Starting a business is still possible if you have poor credit, but you might find your options are a bit more restricted if you need funding to get things off the ground. We go over what to consider if you’re hoping to launch a new venture, and alternative funding options available for low-credit entrepreneurs.
You might find it more difficult to get a business loan if you have bad or low credit, but there are still a huge variety of funding options available. Some lenders even offer bad credit business loans specifically for company owners whose credit score is affecting their ability to apply for financing.
If the prospect of taking on a loan seems too overwhelming, then alternatives such as a crowdfunding campaign or a business grant could be more suitable. Grants can be awarded to businesses to help them launch, grow, or for a specific project depending on your needs, and often don’t need to be repaid.

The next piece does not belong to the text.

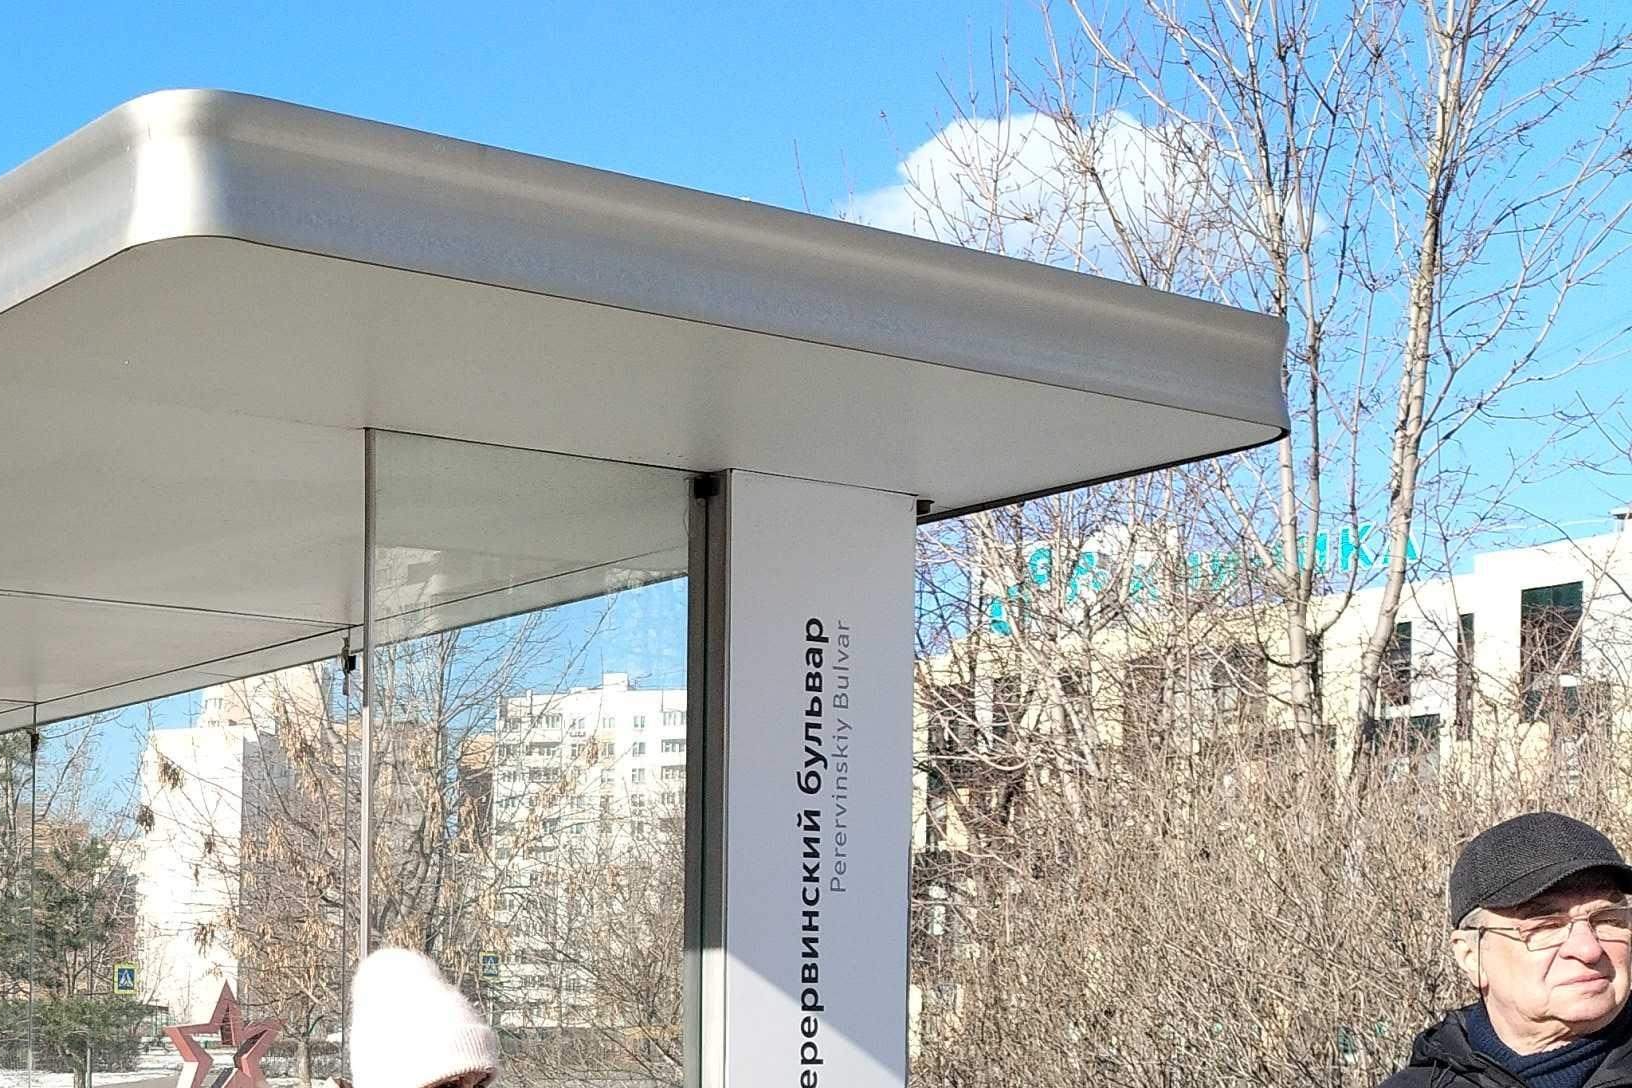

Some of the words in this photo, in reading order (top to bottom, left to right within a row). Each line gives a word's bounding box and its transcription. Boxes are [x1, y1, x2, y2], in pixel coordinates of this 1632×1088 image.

[796, 617, 829, 795] бульвар
[832, 619, 850, 709] Bulvar
[830, 718, 853, 892] Perervinskiy
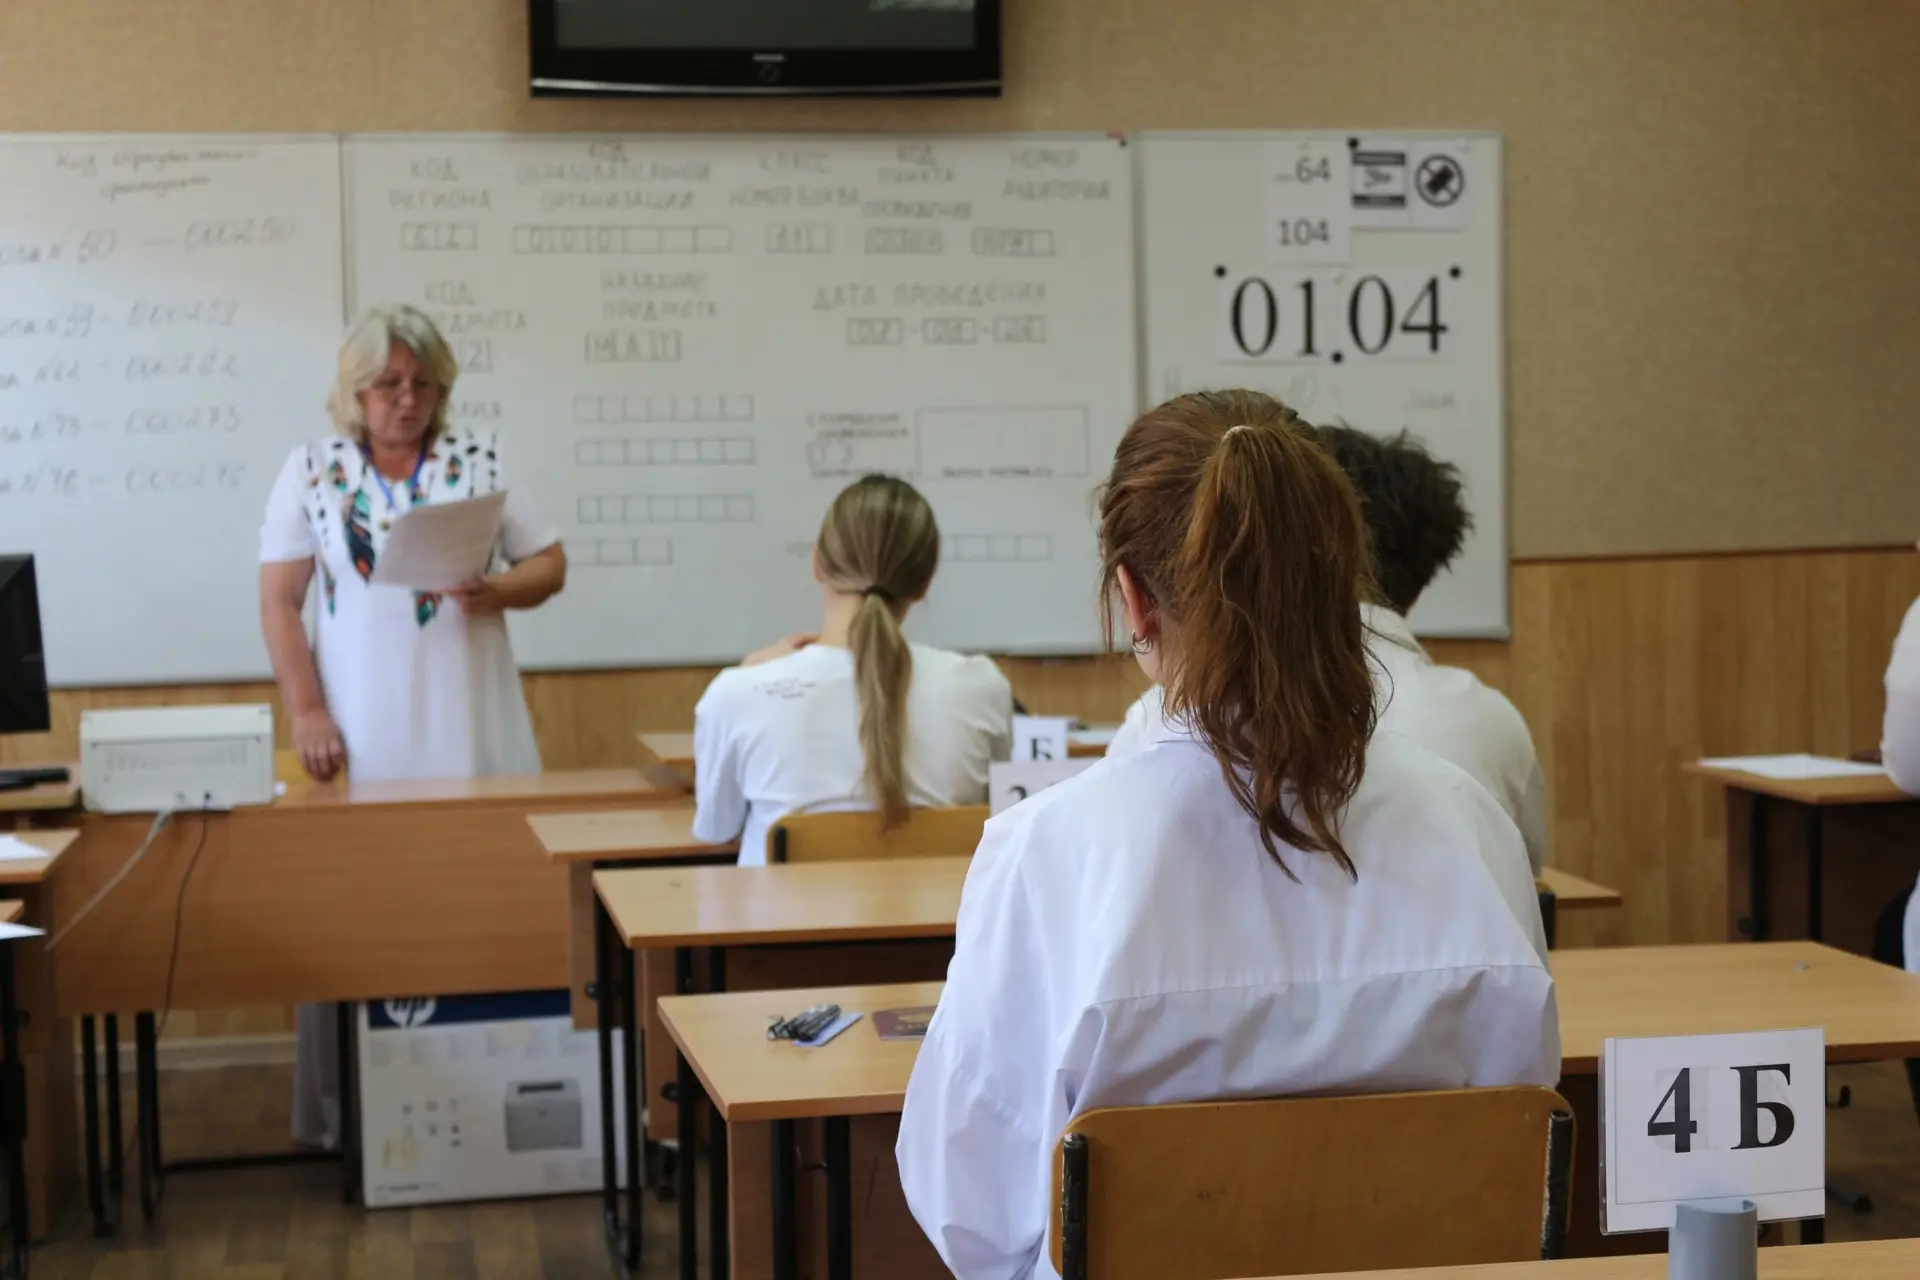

A low credit rating might not necessarily be an issue unless you’re actually looking for credit – whether that’s from a lender, investor, or even a supplier (in which case they might simply request payment up front). If you are looking for finance, then improving your credit rating will certainly help.
Review your credit score
The first step, scary as it might seem, is finding out exactly where you and your business stand in terms of your credit rating. The easiest way to do this is using a credit report service such as Experian, or one of the many others out there.
Your credit score is generated based on your financial history, and references things like payment reliability and dependency on credit. The report will go into detail about which areas need work to help improve your credit score.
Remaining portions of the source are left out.